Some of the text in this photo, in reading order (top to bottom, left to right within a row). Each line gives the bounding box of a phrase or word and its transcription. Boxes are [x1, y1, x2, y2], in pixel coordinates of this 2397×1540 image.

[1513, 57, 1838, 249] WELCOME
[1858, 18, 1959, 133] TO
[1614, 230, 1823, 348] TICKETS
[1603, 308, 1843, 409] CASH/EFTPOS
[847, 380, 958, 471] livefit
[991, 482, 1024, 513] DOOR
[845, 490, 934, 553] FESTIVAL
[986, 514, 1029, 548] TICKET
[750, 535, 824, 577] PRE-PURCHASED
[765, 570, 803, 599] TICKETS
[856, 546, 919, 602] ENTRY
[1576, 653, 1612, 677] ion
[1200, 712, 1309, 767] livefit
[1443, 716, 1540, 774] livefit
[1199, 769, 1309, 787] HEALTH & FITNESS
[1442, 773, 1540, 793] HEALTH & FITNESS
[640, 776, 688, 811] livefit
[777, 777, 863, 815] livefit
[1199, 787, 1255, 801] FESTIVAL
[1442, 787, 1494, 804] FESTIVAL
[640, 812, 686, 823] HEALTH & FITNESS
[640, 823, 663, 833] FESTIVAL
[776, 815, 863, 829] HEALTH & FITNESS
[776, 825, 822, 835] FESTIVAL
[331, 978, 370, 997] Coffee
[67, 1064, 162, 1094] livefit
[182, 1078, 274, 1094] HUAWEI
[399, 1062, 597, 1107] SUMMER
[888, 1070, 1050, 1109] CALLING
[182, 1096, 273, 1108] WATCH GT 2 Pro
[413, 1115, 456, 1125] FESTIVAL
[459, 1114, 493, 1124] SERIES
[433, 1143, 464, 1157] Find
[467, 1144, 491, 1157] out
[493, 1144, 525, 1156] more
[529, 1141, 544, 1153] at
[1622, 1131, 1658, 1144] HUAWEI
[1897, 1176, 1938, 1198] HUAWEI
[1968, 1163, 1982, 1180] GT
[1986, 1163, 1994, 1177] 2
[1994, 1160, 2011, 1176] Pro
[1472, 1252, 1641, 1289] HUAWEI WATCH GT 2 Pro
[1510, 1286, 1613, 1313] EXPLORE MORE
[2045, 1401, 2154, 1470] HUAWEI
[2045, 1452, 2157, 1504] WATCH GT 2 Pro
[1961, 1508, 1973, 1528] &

§ WORK TO COMPLETE
The entries listed above are to be output exactly. Leave none out.

§ SOLUTION TO THIS TASK
Some of the text in this photo, in reading order (top to bottom, left to right within a row). Each line gives the bounding box of a phrase or word and its transcription. Boxes are [x1, y1, x2, y2], in pixel coordinates of this 2397×1540 image.

[1513, 57, 1838, 249] WELCOME
[1858, 18, 1959, 133] TO
[1614, 230, 1823, 348] TICKETS
[1603, 308, 1843, 409] CASH/EFTPOS
[847, 380, 958, 471] livefit
[991, 482, 1024, 513] DOOR
[845, 490, 934, 553] FESTIVAL
[986, 514, 1029, 548] TICKET
[750, 535, 824, 577] PRE-PURCHASED
[765, 570, 803, 599] TICKETS
[856, 546, 919, 602] ENTRY
[1576, 653, 1612, 677] ion
[1200, 712, 1309, 767] livefit
[1443, 716, 1540, 774] livefit
[1199, 769, 1309, 787] HEALTH & FITNESS
[1442, 773, 1540, 793] HEALTH & FITNESS
[640, 776, 688, 811] livefit
[777, 777, 863, 815] livefit
[1199, 787, 1255, 801] FESTIVAL
[1442, 787, 1494, 804] FESTIVAL
[640, 812, 686, 823] HEALTH & FITNESS
[640, 823, 663, 833] FESTIVAL
[776, 815, 863, 829] HEALTH & FITNESS
[776, 825, 822, 835] FESTIVAL
[331, 978, 370, 997] Coffee
[67, 1064, 162, 1094] livefit
[182, 1078, 274, 1094] HUAWEI
[399, 1062, 597, 1107] SUMMER
[888, 1070, 1050, 1109] CALLING
[182, 1096, 273, 1108] WATCH GT 2 Pro
[413, 1115, 456, 1125] FESTIVAL
[459, 1114, 493, 1124] SERIES
[433, 1143, 464, 1157] Find
[467, 1144, 491, 1157] out
[493, 1144, 525, 1156] more
[529, 1141, 544, 1153] at
[1622, 1131, 1658, 1144] HUAWEI
[1897, 1176, 1938, 1198] HUAWEI
[1968, 1163, 1982, 1180] GT
[1986, 1163, 1994, 1177] 2
[1994, 1160, 2011, 1176] Pro
[1472, 1252, 1641, 1289] HUAWEI WATCH GT 2 Pro
[1510, 1286, 1613, 1313] EXPLORE MORE
[2045, 1401, 2154, 1470] HUAWEI
[2045, 1452, 2157, 1504] WATCH GT 2 Pro
[1961, 1508, 1973, 1528] &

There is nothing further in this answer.